患者さんによっては手術室入室前に、不安を取り除く薬を内服したり、注射したりすることがあります。手術室入室後、心電図や血圧計などのモニターを装着し、麻酔を開始します。
(1)脊椎麻酔:
脊椎の脊髄液が満たされている場所に局所麻酔薬を注入し、下半身を麻酔します。
主に下腹部や下肢の手術に対して行われる麻酔方法です。
(2)硬膜外麻酔:
脊髄の近くの硬膜外腔に細い管を挿入し、局所麻酔薬を持続的に投与して手術部位の痛みを軽くする
麻酔方法です。術後も使用することができますので術後の痛みを取るためにも使用されます。

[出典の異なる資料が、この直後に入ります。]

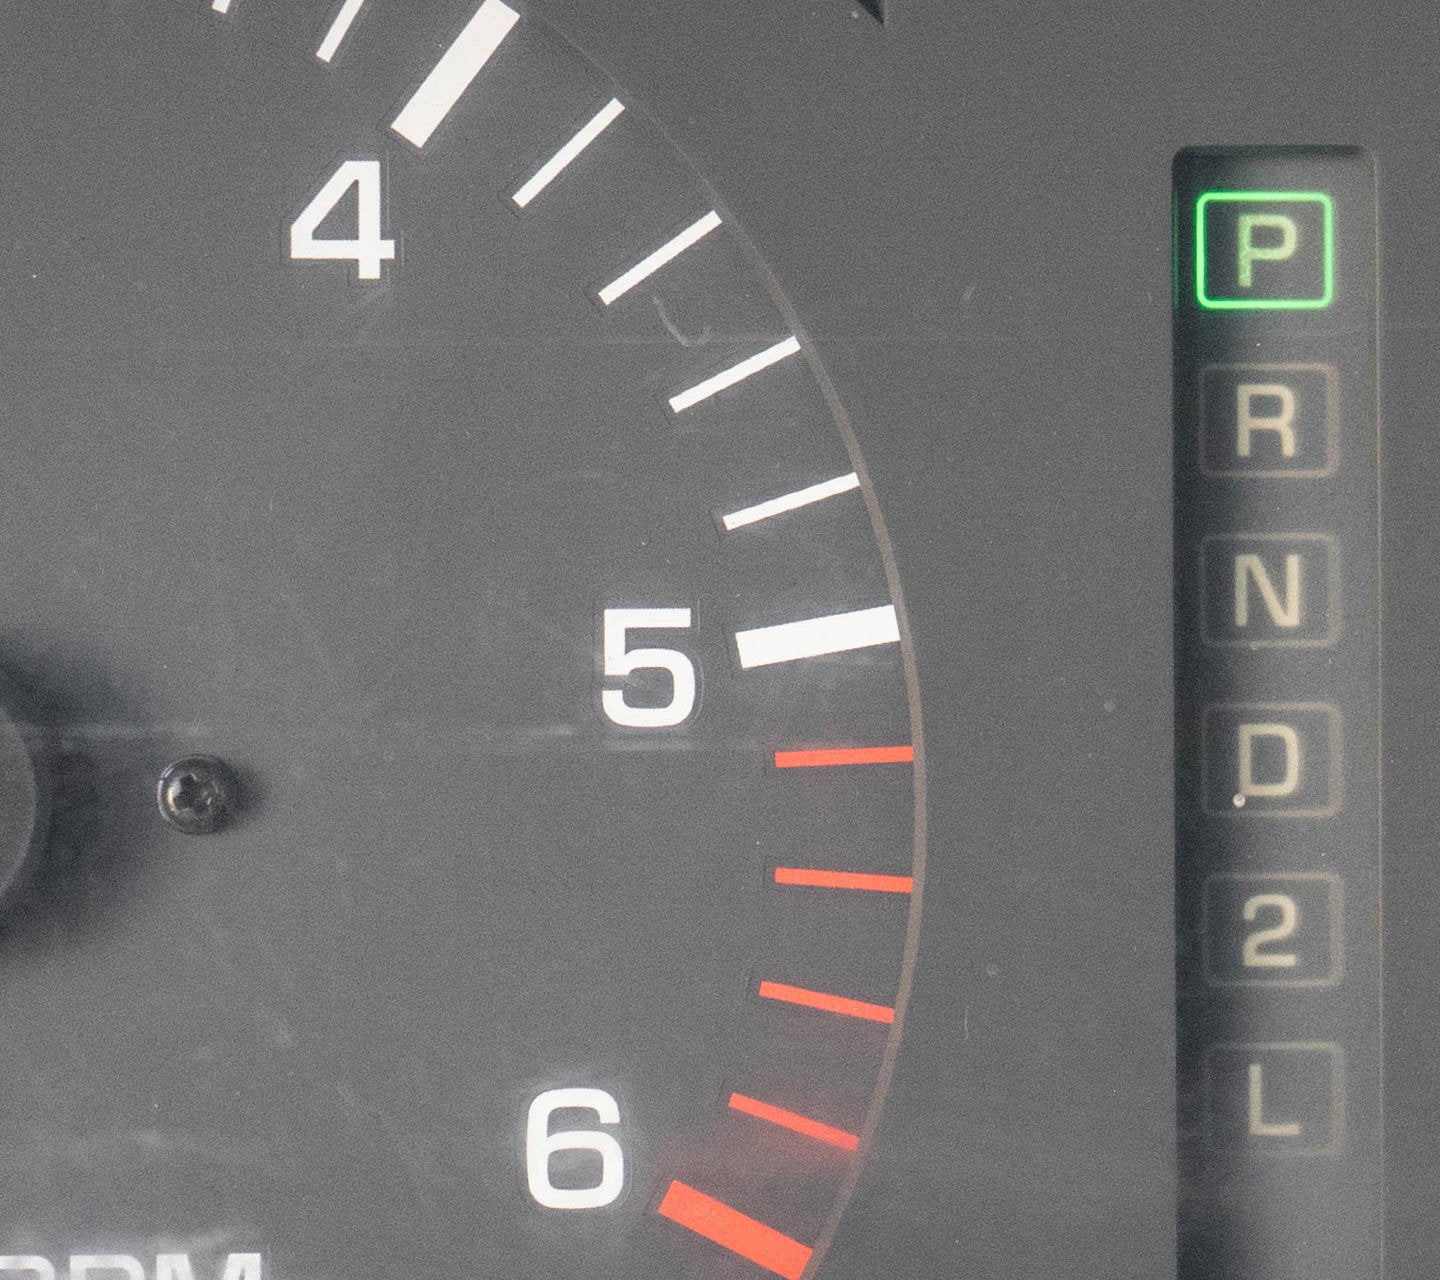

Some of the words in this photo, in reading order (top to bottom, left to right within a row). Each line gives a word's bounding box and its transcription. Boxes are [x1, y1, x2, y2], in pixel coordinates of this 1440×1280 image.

☆ 脊椎麻酔、硬膜外麻酔を行う時は手術台の上で横向きになり、背中を丸めた体位をとります。最初に痛み止めの注射をしますので、処置中の痛みはほとんどありません。脊椎麻酔、硬膜外麻酔ともに手術中は意識がありますが、ある程度眠ることも可能ですので、希望があれば麻酔科医まで申し出てください。
(3)全身麻酔:
鼻と口にマスクを当てて酸素を吸っていただきます。次に眠くなる薬が点滴から入り、意識がなくなります。目が覚めた時には手術は終わっています。お声をおかけしますので、目を開けたり、手を握ったりして、目が覚めていることを伝えるようにしてください。
☆ 手術中は麻酔科医が患者さんの全身状態を見ながら麻酔の深度や人工呼吸の条件を適切に調節して、手術侵襲や痛みなどのストレスから患者さんを守ります。